The DOL also posted a fact sheet outlining how the final rule applies to participant disclosures required by the Employee Retirement Income Security Act (ERISA) for 401(k) and similar defined contribution retirement plans, and for defined benefit pension plans.
The rule allows employers to deliver disclosure documents to plan participants primarily electronically, which will reduce printing, mailing and related plan costs by an estimated $3.2 billion over the next decade, the DOL said, while preserving participants’ right to request paper disclosures.
“The final regulation represents a significant improvement over current rules and will permit many sponsors to upgrade, and in some cases transform, the way they communicate with their participants,” wrote Mike Berry, a senior consultant at retirement plan advisory firm October Three.
“This is a welcome development for several reasons, not the least of which are the potential cost savings and the ability to deliver important information on a more timely basis,” said Kim Buckey, vice president of client services at DirectPath, a benefits education, enrollment and health care transparency firm.
Although the final rule is technically not effective until 60 days after it is published in the Federal Register, the DOL “has indicated that it will not take enforcement action against a plan administrator that relies on the new safe harbor before that date,” wrote Rob Browning, a partner in the Kansas City, Mo., office of law firm Spencer Fane. “Therefore, the electronic delivery safe harbor is essentially available immediately. This is good news, particularly given the number of employees who are currently working remotely due to the COVID-19 pandemic,” he noted.
Prior to the new rule, plan sponsors that wanted to send plan information electronically were required to solicit consent from participants who didn’t routinely work online. Participants could indicate consent by sending a verifiable e-mail to the plan sponsor, for instance.
The final rule creates a new safe harbor for delivering ERISA-required documents electronically as long as recipients have a valid e-mail address or smartphone number.
Plan administrators must ensure that the electronic delivery system alerts them if a participant’s electronic address is invalid or inoperable. In that case, the administrator must promptly fix the problem or regard the participant as having opted out of electronic delivery.

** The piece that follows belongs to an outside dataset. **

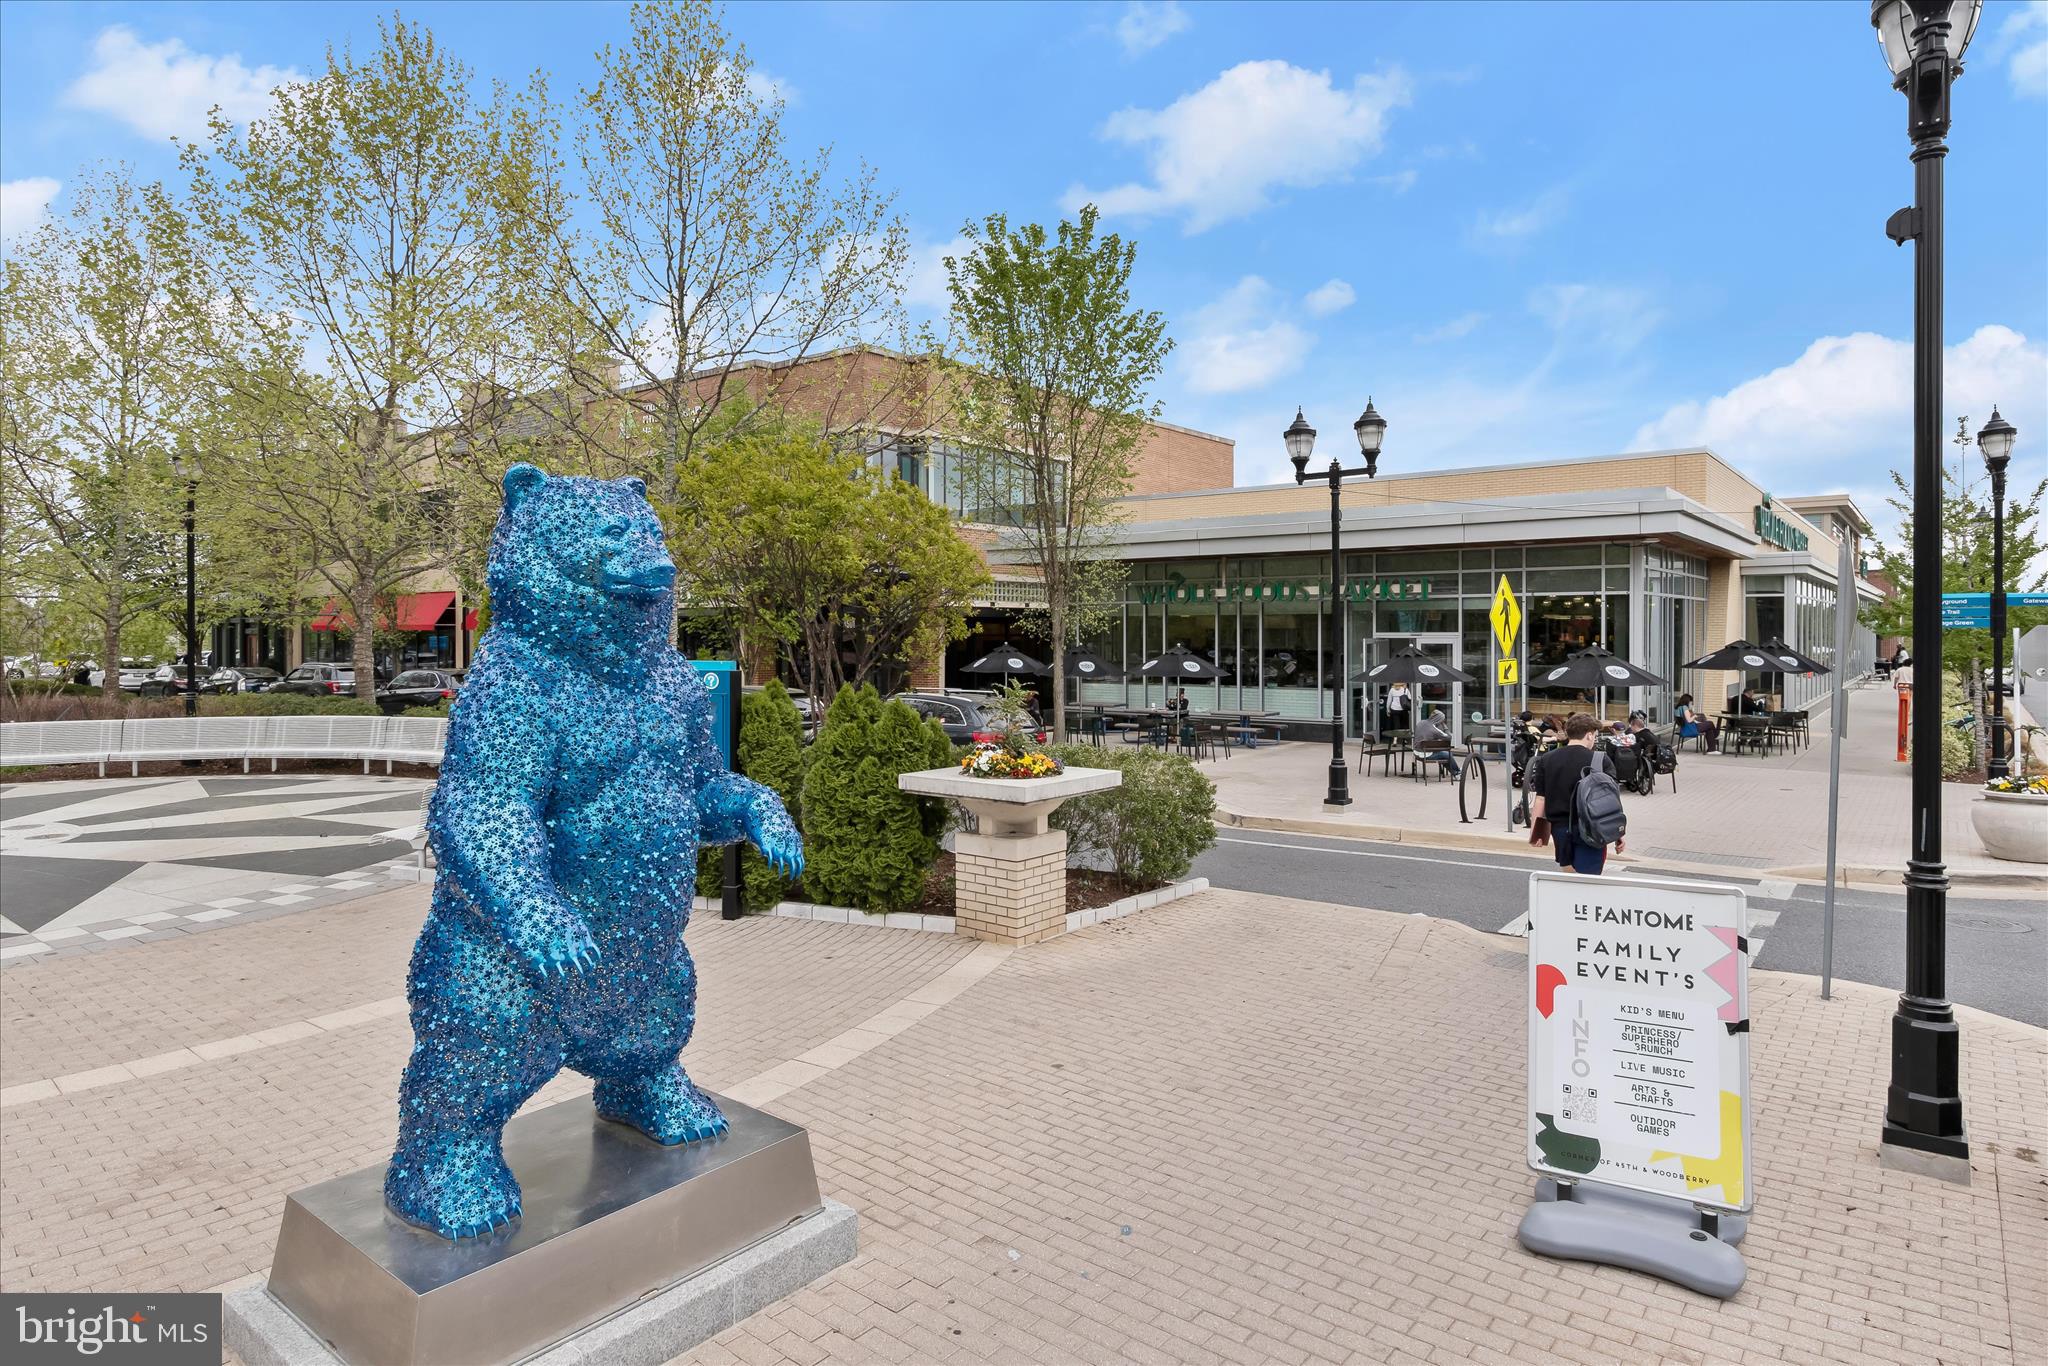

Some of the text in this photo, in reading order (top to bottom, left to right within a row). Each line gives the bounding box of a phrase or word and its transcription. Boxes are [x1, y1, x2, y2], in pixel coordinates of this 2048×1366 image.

The rule allows two methods for delivering retirement plan disclosures electronically:
- Website posting. Administrators may post participant disclosures on a website if an appropriate notification of Internet availability (NOIA) is sent to the electronic addresses of plan participants, either by e-mail or text message. These documents must remain on a website until superseded by a subsequent version, but never for less than one year.
The NOIA must include the web address of, or a hyperlink to, the document; a statement of the right to receive a paper version free of charge; and a statement of the right to opt out of electronic communications and how to do so, along with the administrator’s or a designated representative’s phone number.
- *E-mail delivery.Alternatively, administrators may send required disclosures directly to the e‑mail addresses of plan participants, with the documents in the body of the e-mail or as an attachment. “Because disclosure is being provided directly, no NOIA is required,” October Three’s Berry wrote. Required documents must be sent to participants’ e-mail addresses no later than the date by which the document must be furnished under ERISA.
When employment ends, administrators must “take measures reasonably calculated to ensure the continued accuracy and availability” of electronic addresses used to deliver required documents, or take steps to obtain new, valid electronic addresses from plan participants, the rule states.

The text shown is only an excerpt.